We got away with it. I couldn’t see anything other than a red: home crowd, clear run on goal, about to go past keeper – it had to be a red.
But maybe Dowd saw that Suarez did not have full control of the ball and that there was the possibility that he may have let it run too far wide, so he saw Richardson’s attempts to make up for his shocking error as careless rather than malicious. Had Kieran hacked at him from behind, it would have been a red; as it was, he fell into Suarez, knocked him over and got a yellow. On such things do games turn.
So, 2-2 in controversial decisions and we rode our good fortune in the first 35 minutes. The penalty kick was awful but Suarez showed his quality with a fine goal a few minutes later, when he got ahead of er, Richardson (not one of your better 45s Kieran) to give Liverpool a deserved lead.
For the next 20 minutes they ran us ragged. Carroll rightly had a goal disallowed for a gentle nudge on Ferdinand and Downing’s screamer hit the bar. Two down and we were out of it; at 1-0 we always had a chance.
And so came the second half. They ran out of steam and ideas, we began to play. Cattermole had got his booking out of the way (a nasty tackle on Suarez; not proud of that) and began to show what a good player he is, working along the line, picking up loose balls, bringing Sessegnon into the game. If only he didn’t have that nasty streak in him. He can be very hard to defend at times – although not in the Joey Barton class as complete and utter t***.

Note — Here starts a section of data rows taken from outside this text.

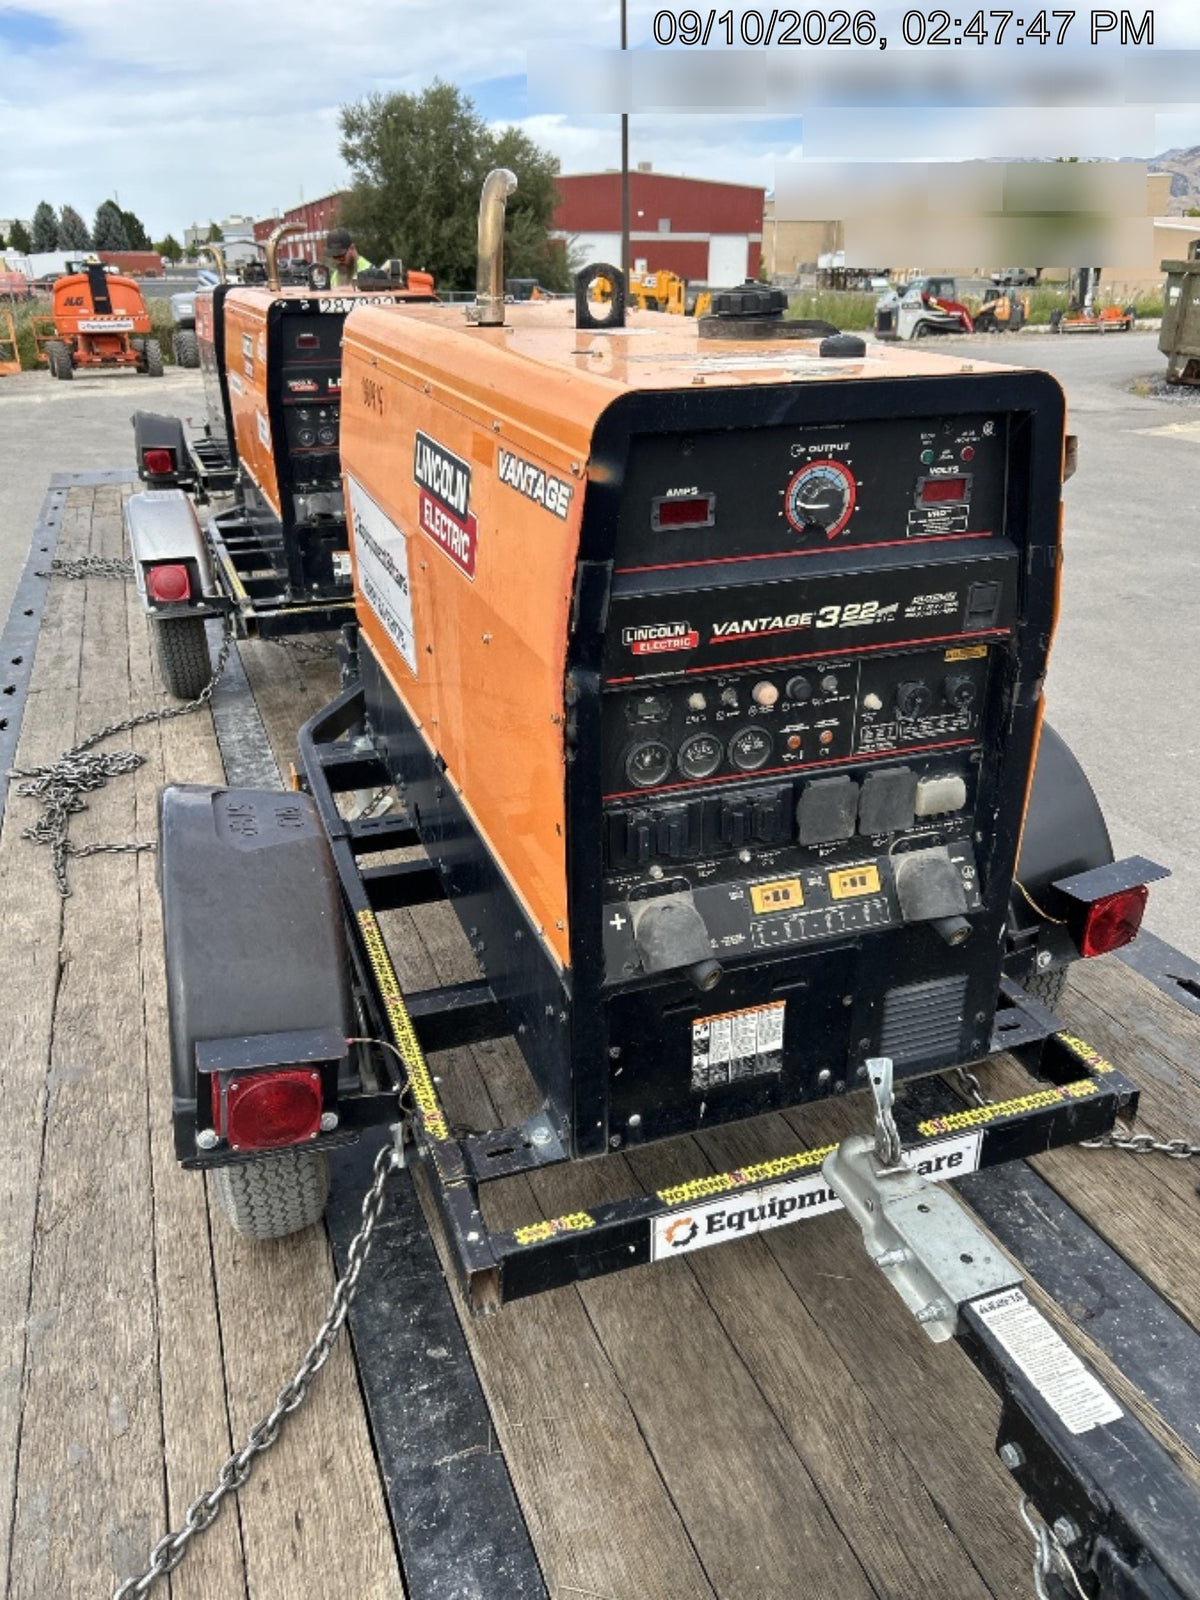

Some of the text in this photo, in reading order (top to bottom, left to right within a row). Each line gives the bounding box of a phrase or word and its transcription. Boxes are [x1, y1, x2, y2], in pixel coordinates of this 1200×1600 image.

[809, 442, 851, 453] OUTPUT
[416, 440, 468, 515] LINCOLN
[930, 465, 959, 474] VOLTS
[498, 448, 572, 519] VANTAGE
[666, 487, 698, 497] AMPS
[424, 497, 470, 564] ELECTRIC
[711, 612, 812, 637] VANTAGE
[815, 600, 880, 629] 322
[626, 624, 686, 642] LINCOLN
[639, 637, 691, 652] ELECTRIC

Larsson came into the game, Gyan worked really hard up front, pulling their central defenders out of the middle, and we conjured up an equaliser that was certainly the best goal scored on the opening day. Good back heel by Gyan to Elmo, great cross to the far post and a wonderful finish by Larsson. Quality or what?
From then on, we controlled the game. Colback got involved after a first half where he looked as far out of his depth as Boris Johnson on Clapham High Street, Sessegnon carried the ball well and Brown was simply magnificent at the back.

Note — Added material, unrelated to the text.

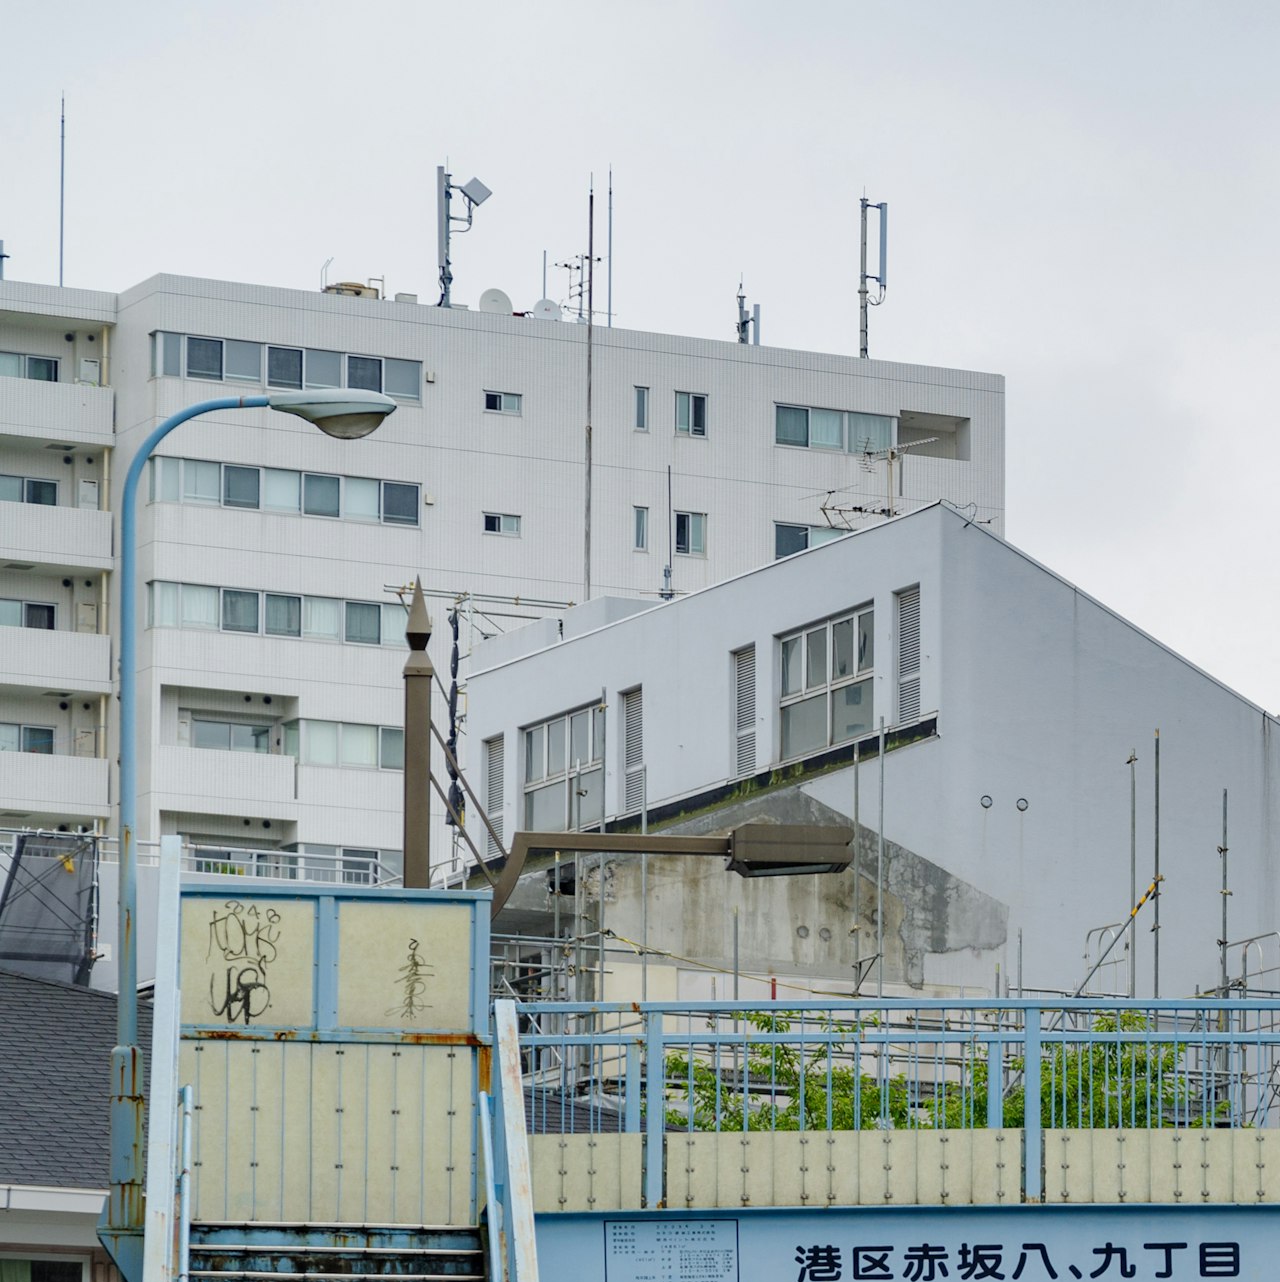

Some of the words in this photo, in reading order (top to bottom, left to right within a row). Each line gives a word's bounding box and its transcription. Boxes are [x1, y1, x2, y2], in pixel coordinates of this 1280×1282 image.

He rarely missed a tackle, completely subdued the Gateshead Mauler (who once again reminded me of Kevin Kyle with a pony tail), and oozed calm and class throughout. That the home crowd stopped booing him tells you how well he played. I always think it’s petty booing players who come from your rivals. You wouldn’t catch me hooting at Carroll and Enrique!!

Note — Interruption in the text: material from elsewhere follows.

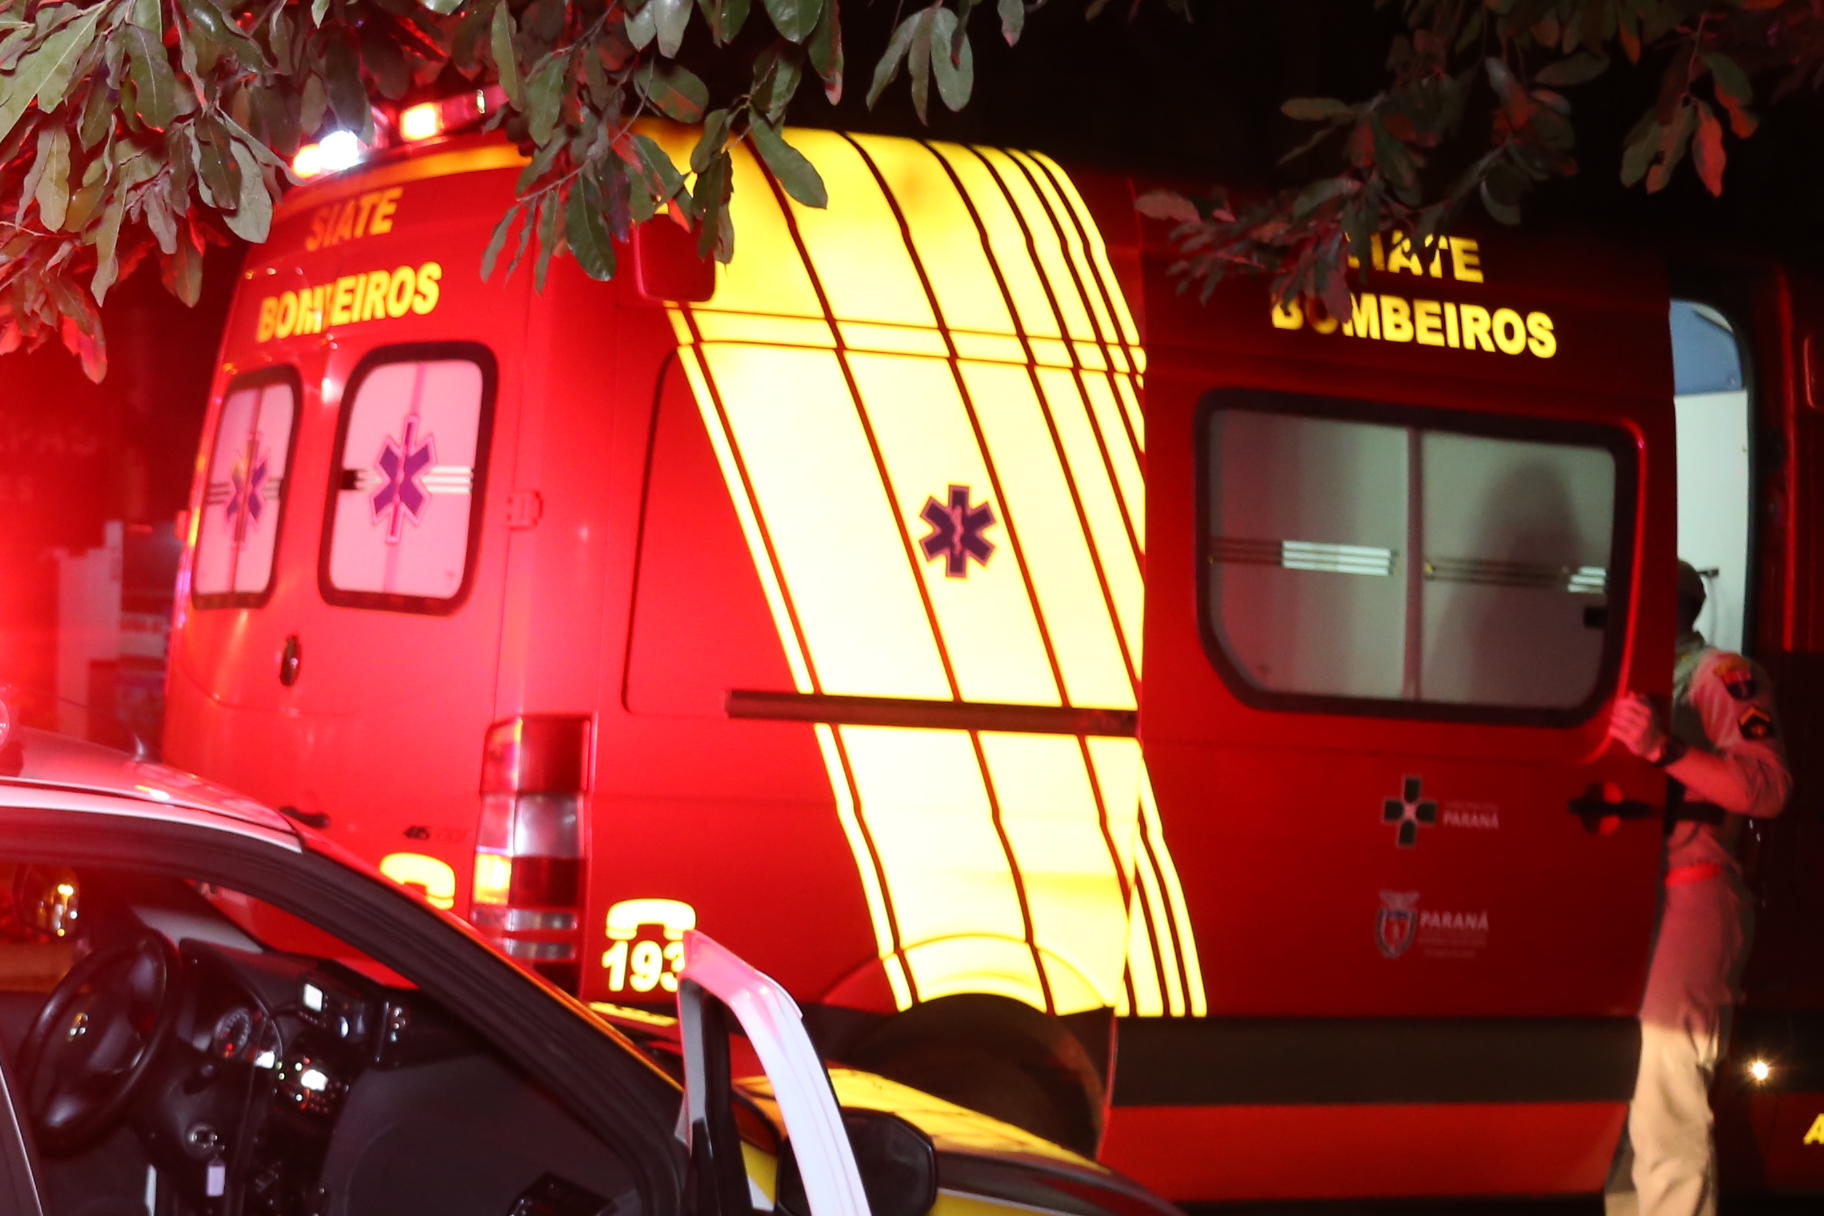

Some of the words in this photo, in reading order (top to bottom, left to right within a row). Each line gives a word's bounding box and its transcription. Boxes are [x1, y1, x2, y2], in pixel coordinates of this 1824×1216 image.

[306, 187, 403, 251] SIATE
[1347, 229, 1484, 283] IATE
[602, 940, 686, 993] 193

Brown was clearly our best player, but his confidence has rubbed off onto Mignolet, who had an excellent game in goal. In the second half, when Liverpool resorted to crossing the ball in a vain attempt to find the lumbering oaf aka Carroll, he handled very well and used the ball effectively. The long kick to Elmo so he can flick it on could well be our equivalent of the Delap Throw.
We need a bit of tuning before next week. Vaughan came on for the last 10 minutes and did what he is very, very good at doing – not losing the ball and making sharp, accurate passes. There should be a place for him against the Mags, maybe at the expense of Colback. Vaughan gives us an element of creativity that was missing on Saturday.
After his first half nightmare, Richardson had a much better second, although how much of this was due to him and how much to Liverpool tiring is debatable. The young right back, Flanagan (maybe they could sign Swansea midfielder Joe Allan for a musical duo; crazy idea, I know), switched roles with Kieran. He had looked good in the first half but had an awful second, vice versa for KR.
We came out into the hordes of football tourists masquerading as Liverpool supporters, with smiles on our faces. What was basically last year’s team had taken a well deserved point from a team who had spent in excess of £100m in eight months. What’s not to be pleased about?